REMEMBER IT’S JUST A WOOD BOX WITH A HOLE. I mean this thing sounds like it could cure cancer.

Reading the catalogue brought to heart the feeling I got when I first picked up my grandfathers camera. The exhilaration I felt as I watched a sheet of paper develop. The pride I felt getting into Brooks to study something I was in love with. Years later the things we do can sometimes loose their original sex appeal. This ridiculous catalogue with its Penthouse Letters-esque poetry to photography got my juices flowing again. It embodies the magic that comes with photography, and really let me imagine what it must of been like back then, before we all had cameras in our pockets and took it for granted.

“Realizing fully that success is a battle and not a dream, we have followed assiduously each detail of manufacture with constancy of purpose and persistency of effort until perfection was attained.”

A battle, not a dream. Holy shit am I woke! Spit Rochester Primo! Spit!

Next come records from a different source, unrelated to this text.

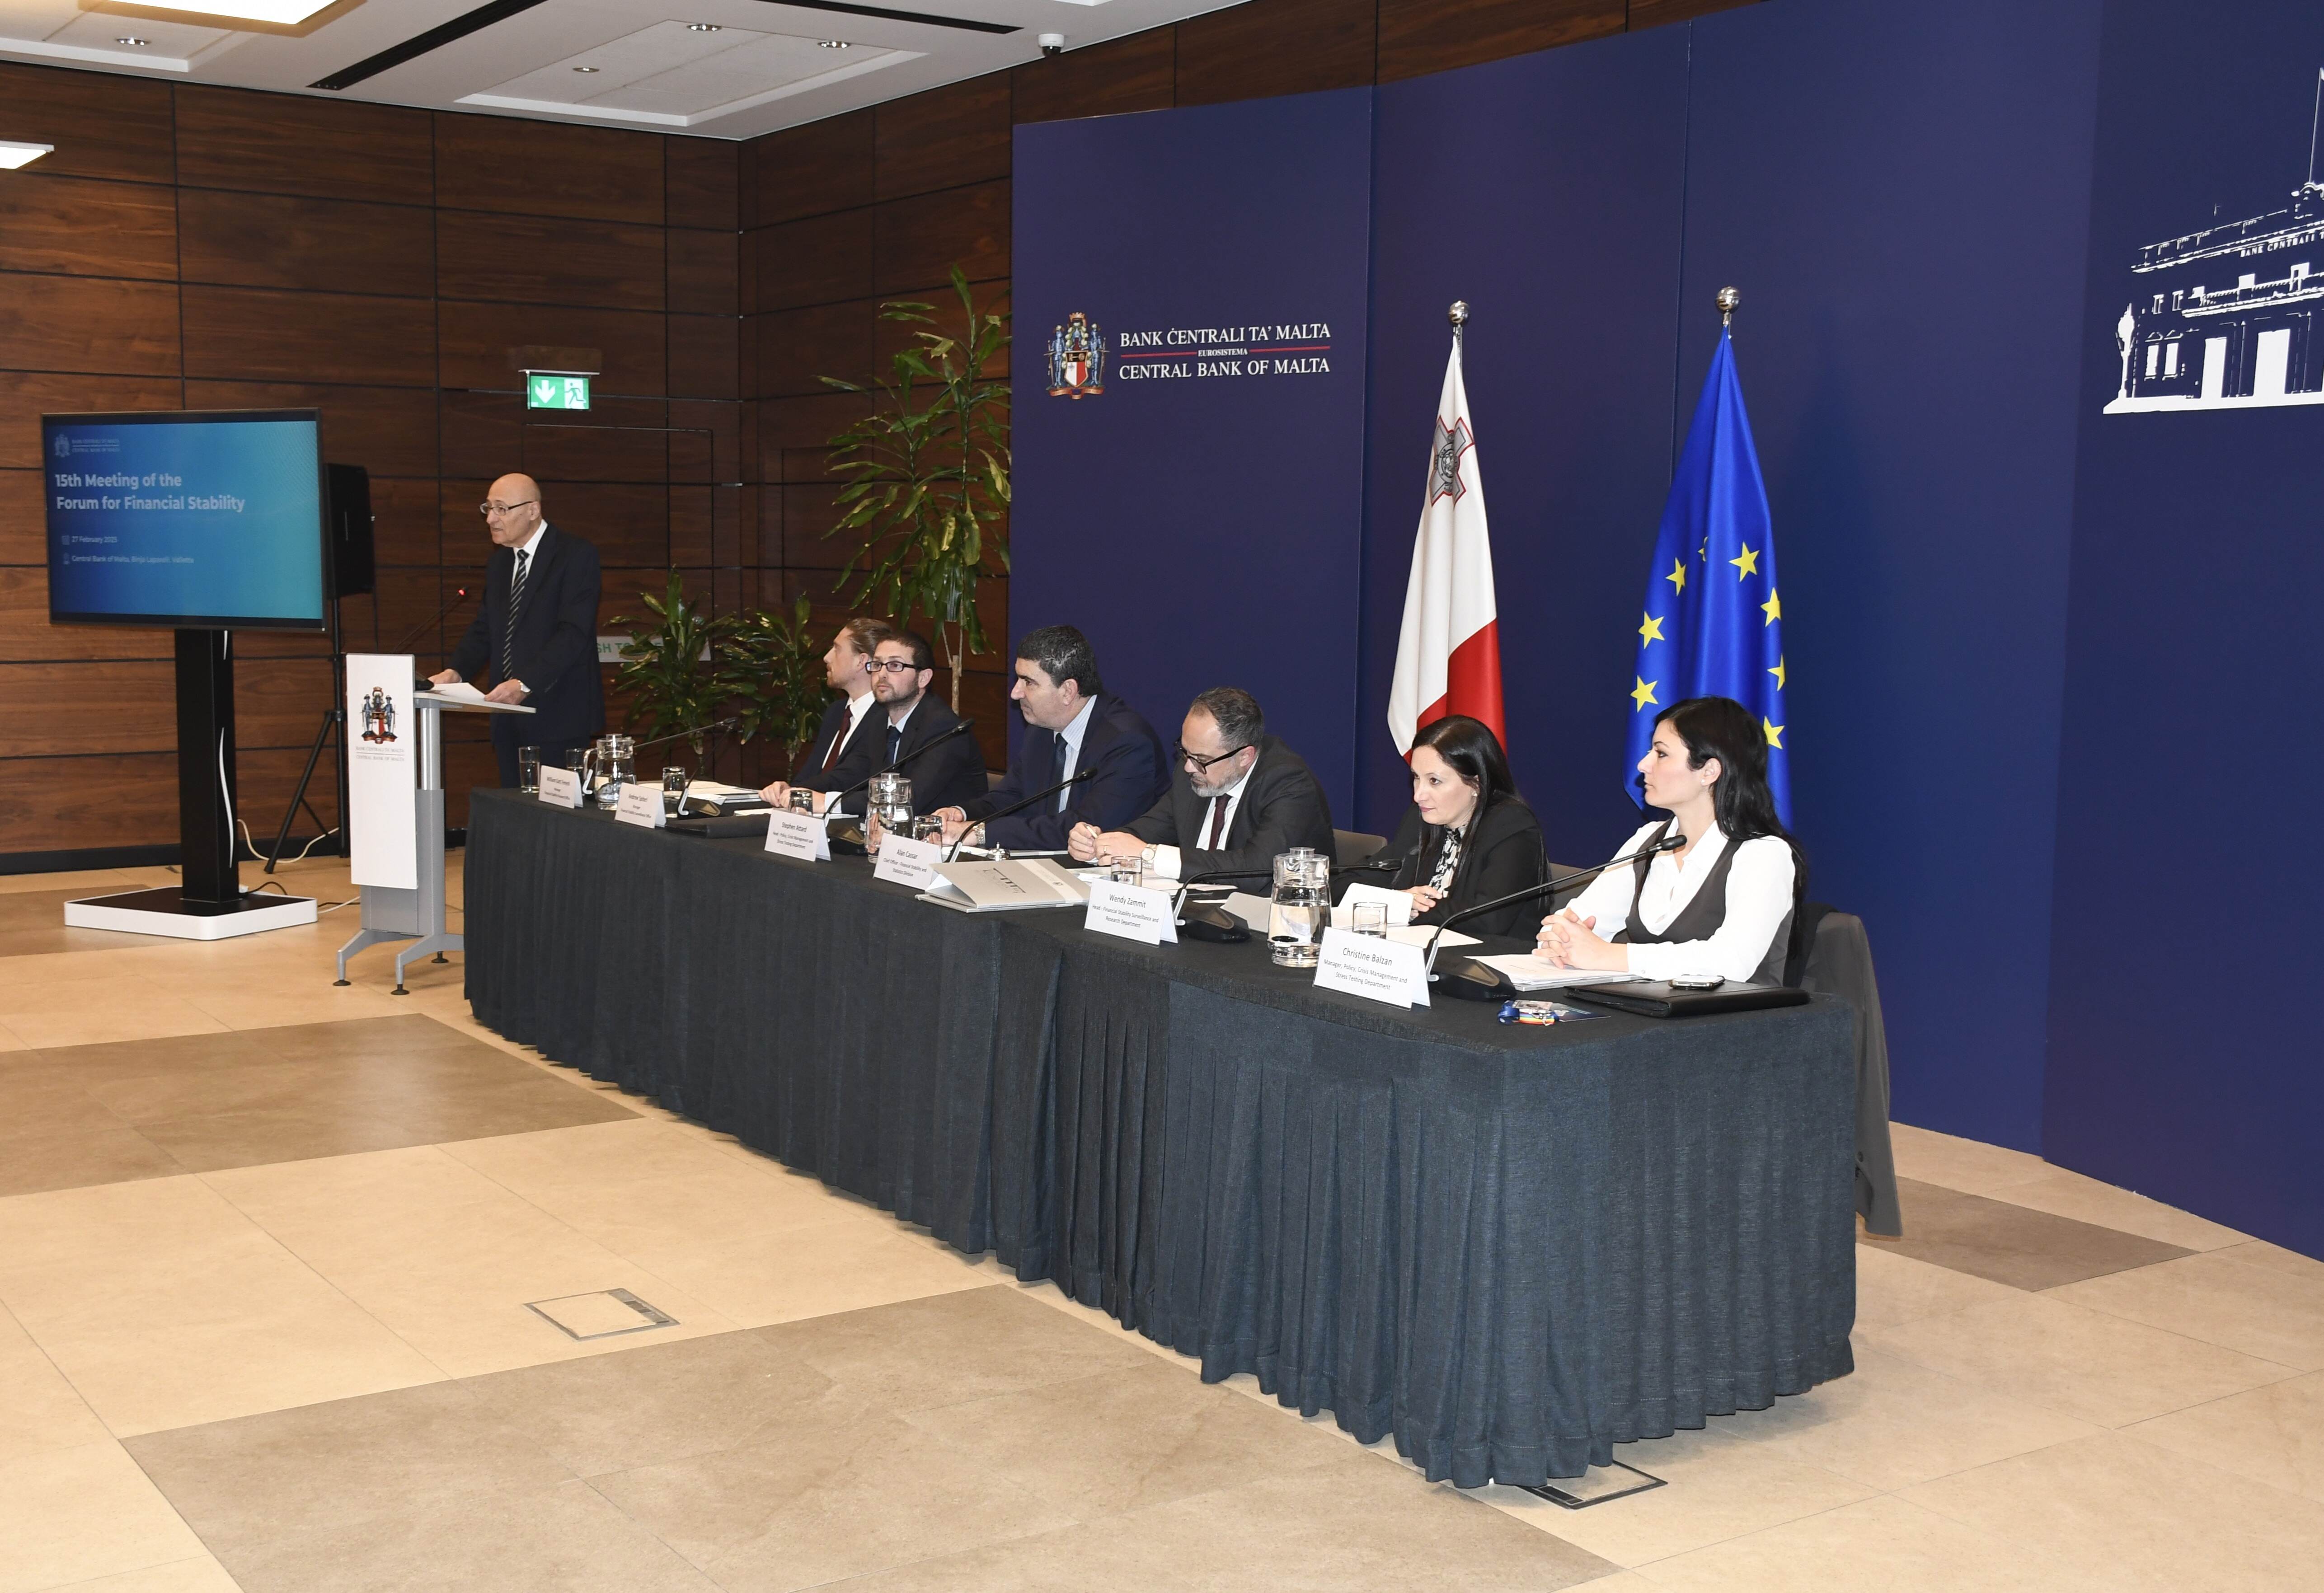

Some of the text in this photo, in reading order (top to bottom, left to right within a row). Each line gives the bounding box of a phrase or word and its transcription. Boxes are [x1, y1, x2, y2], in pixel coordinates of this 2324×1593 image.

[1120, 332, 1163, 347] BANK
[1167, 328, 1244, 345] ĊENTRALI
[1275, 323, 1331, 339] MALTA
[1198, 348, 1248, 357] EUROSISTEMA
[1119, 358, 1330, 379] CENTRAL BANK OF MALTA
[55, 473, 182, 490] 15th Meeting of the
[57, 494, 245, 513] Forum for Financial Stability
[597, 643, 611, 653] SH
[1109, 894, 1146, 908] Wendy Zammit
[1121, 919, 1141, 928] Department
[1131, 913, 1151, 921] Surveillance
[1343, 947, 1392, 966] Christine Balzan
[1324, 959, 1342, 969] Manager,
[1343, 964, 1356, 972] Policy,
[1370, 970, 1398, 981] Management
[1349, 975, 1363, 984] Testing
[1364, 979, 1390, 990] Department

Putting film in it is actually not tricky at all. A recessed button pops open a side door that reveals a space for a plate. One of the innovations that made this model so popular with everyone is that it could take wet or dry film, meaning, glass plates, negative, or celluloid which we can use today. There are lots of adapters out there, or, you can use one of the original film holders. When your technology is composed of wood, there is never a risk of a firmware update bricking it.

Finding film can be trickier. For me I tried the Rockland Tintype kit, which I have to say, was pretty sweet. It comes with everything you need; developer, emulsion to pour on the plates, and tin plates. The process of making the plates is a little technical; you have to heat the waxy emulsion and then pour a thin coat onto the plates, pretty much in complete darkness. Your skill in pouring a perfect plate will give you better results. For me, with a small apartment, and no darkroom, this meant doing it in my closet, and letting the plates dry in a changing bag, which, wasn’t optimal to say the least.

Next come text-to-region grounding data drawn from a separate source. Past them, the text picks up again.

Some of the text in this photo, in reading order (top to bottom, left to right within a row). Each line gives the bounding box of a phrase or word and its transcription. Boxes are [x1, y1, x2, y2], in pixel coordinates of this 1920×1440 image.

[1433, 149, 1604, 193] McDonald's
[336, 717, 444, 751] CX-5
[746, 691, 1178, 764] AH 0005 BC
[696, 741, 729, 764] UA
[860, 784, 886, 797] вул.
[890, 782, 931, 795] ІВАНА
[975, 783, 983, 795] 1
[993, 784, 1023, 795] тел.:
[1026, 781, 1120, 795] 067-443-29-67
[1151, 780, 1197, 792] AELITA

The lens is exchangeable, so it could come with a single achromatic, a Victor rapid rectilinear or a iris diaphragm with pneumatic release. They even made stereoscopic lenses you could slap on it. My iPhone doesn’t even do that. Suck it Apple.

In the end going back to the beginning really invigorated me to do more with this wacky project. It’s the first post of 2021 and last year was anything but normal, so I wanted to highlight something special. I really didn’t realize how special this camera is, and the culture behind it, including its amazing catalogue book. I mean look at that logo, it’s like a work of art.

They don’t make them like these anymore, but the real magic is the feeling you get when you bring them back to life. It’s like losing your photographic virginity all over again. The time and effort to just get an image is so great, that you really focus on every aspect of photography as an art and science. It was a surprising discovery using this camera, and the fact that it was a gift from my father, who bought me my first camera ever, made it even more special. Thanks Pop, she’s beautiful.

8 thoughts on “Rochester Primo B

  1. Dude! Fantastic read! The Rockland Kit is such a fun way to get into tintypes! If you ever have any questions, feel free to reach out! I’m headed to your video now! Love the camera and I love the catalog from a bygone era!


    1. Dude, amazing … I definitely will man … I’m kinda obsessed now … I have so many camera’s that I can throw one of these tintypes in … dying to see what it does with a Medium format like a Mamiya.